**Recorded data:**
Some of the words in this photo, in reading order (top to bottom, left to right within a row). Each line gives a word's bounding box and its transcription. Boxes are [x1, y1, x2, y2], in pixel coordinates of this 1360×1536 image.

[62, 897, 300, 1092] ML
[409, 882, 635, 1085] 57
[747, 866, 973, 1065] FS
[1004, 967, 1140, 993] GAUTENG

**Activity:** Transcribe the entries above, every line exactly as it reads.

**Exercise response:**
Some of the words in this photo, in reading order (top to bottom, left to right within a row). Each line gives a word's bounding box and its transcription. Boxes are [x1, y1, x2, y2], in pixel coordinates of this 1360×1536 image.

[62, 897, 300, 1092] ML
[409, 882, 635, 1085] 57
[747, 866, 973, 1065] FS
[1004, 967, 1140, 993] GAUTENG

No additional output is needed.